Жоржетта схватила с пола платье, намереваясь одеться. На минуту она позволила себе вообразить общее будущее с этим человеком! Она лгала, верно, зато он умалчивает!
— Ладно, — решительно сказал Пирс, выдергивая платье у нее из рук. — Твоя взяла. Я расскажу тебе все, хотя надеялся обойтись без этого. Я ублюдок, дорогая женушка.
— Тоже мне, новость!
— Я ублюдок в буквальном смысле, а не в переносном, — с горькой иронией продолжал Пирс. — Мой отец — Уилтон Чейз Ланж, владелец плантации к северу от Батон-Руж.
— Что? Ты сын самого Ланжа? — изумилась Жоржетта.
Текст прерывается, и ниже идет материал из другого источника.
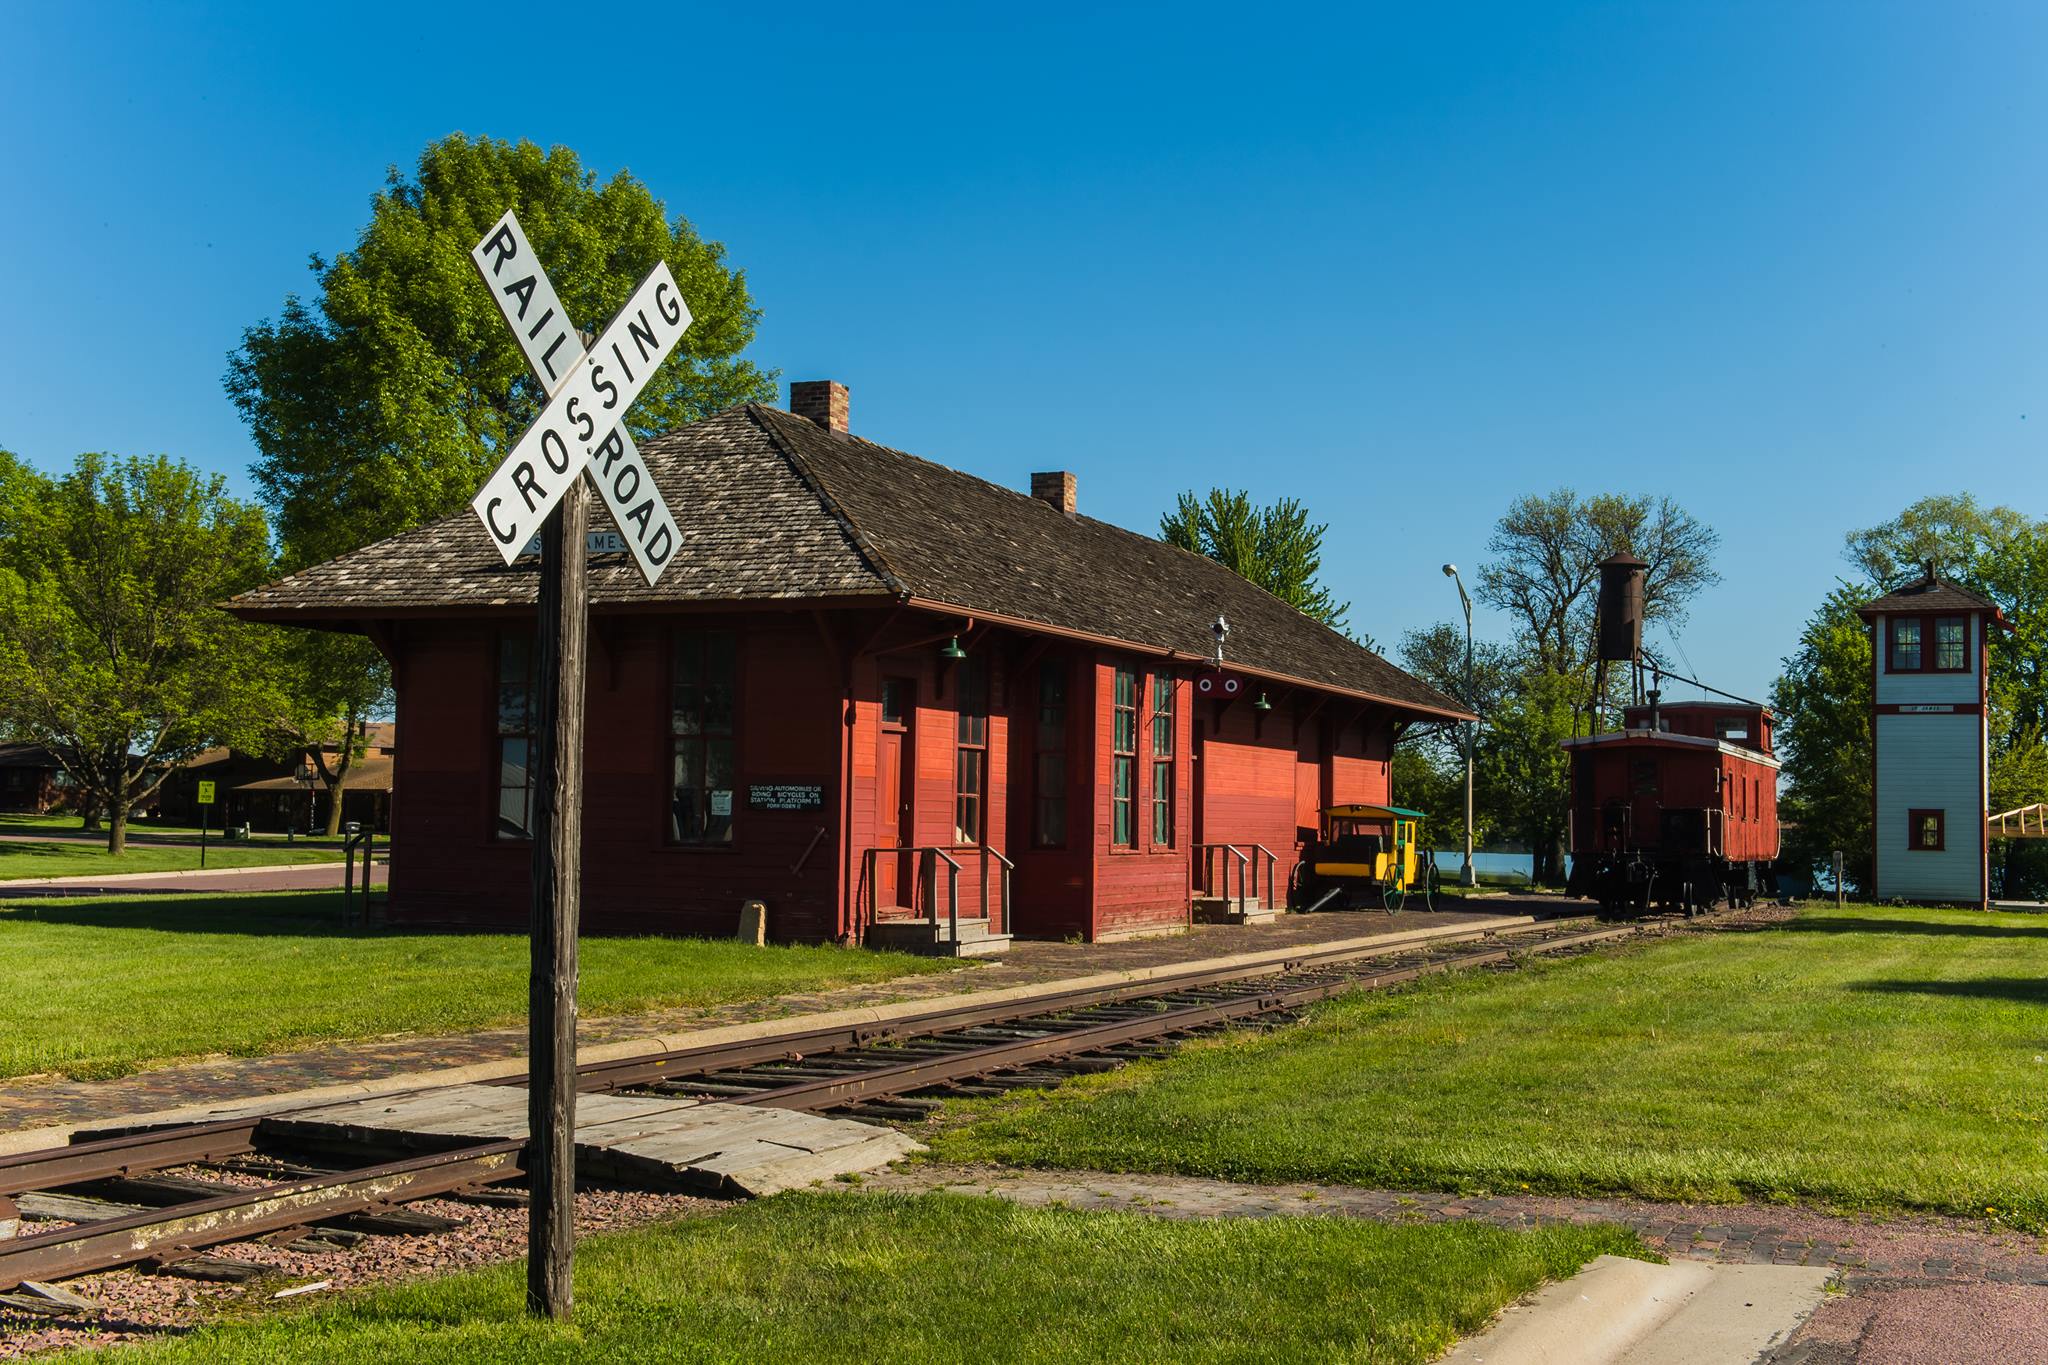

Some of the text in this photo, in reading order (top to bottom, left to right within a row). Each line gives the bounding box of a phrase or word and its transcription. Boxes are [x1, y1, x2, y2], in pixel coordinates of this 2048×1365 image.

[482, 223, 673, 566] RAIL ROAD
[486, 282, 681, 545] CROSSING
— Позволь мне продолжать. Моя мать была не женой его, а всего лишь любовницей. До определенного возраста я понятия не имел о своем происхождении, а то, что отец никогда не навещал меня, списывал на его занятость и суровый характер. Когда мне было шесть, законная супруга отца, урожденная Моро — ты знаешь, конечно, что это одно из самых влиятельных семейств на Юге, — впервые узнала о нас с матерью. Отец ее побаивался. Желая защитить нас… или, может быть, себя самого, он отослал меня в закрытую школу для мальчиков, в Пенсильванию. Я ненавидел и школу, и город, а главное — разлуку с матерью, и так горевал, что ученики постарше писали ей за меня письма, когда я еще не умел. Я передавал в них просьбу вернуться домой, однако мать не позволяла. Она отвечала, что однажды я скажу ей за это спасибо. Тогда я не понимал, что она имеет в виду, но лет через десять понял! Меня вызвали к директору и поставили в известность, что отец мой скончался и что его фамилия оказалась вовсе не Кингстон, а Ланж. И еще: что его вдова Симона Ланж отказывается в дальнейшем платить за мое обучение.
— Ну и что же? — сочувственно заметила Жоржетта. — Не ты один столкнулся с этим. Есть люди, пережившие крах всех своих надежд и все же сумевшие начать жизнь сначала. Значит, ты боишься вернуться потому, что на тебя могут косо посмотреть? Подумаешь! Они того не стоят, эти снобы!